> INPUT
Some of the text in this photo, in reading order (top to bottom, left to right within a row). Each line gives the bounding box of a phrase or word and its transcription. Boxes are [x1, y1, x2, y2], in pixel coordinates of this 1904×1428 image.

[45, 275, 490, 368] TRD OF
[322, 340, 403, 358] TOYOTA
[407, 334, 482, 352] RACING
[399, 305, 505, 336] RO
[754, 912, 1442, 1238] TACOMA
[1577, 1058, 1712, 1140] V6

> WHAT YOU WILL DO
The entire listing is to be printed once more, word for word.

> ANSWER TO THIS TASK
Some of the text in this photo, in reading order (top to bottom, left to right within a row). Each line gives the bounding box of a phrase or word and its transcription. Boxes are [x1, y1, x2, y2], in pixel coordinates of this 1904×1428 image.

[45, 275, 490, 368] TRD OF
[322, 340, 403, 358] TOYOTA
[407, 334, 482, 352] RACING
[399, 305, 505, 336] RO
[754, 912, 1442, 1238] TACOMA
[1577, 1058, 1712, 1140] V6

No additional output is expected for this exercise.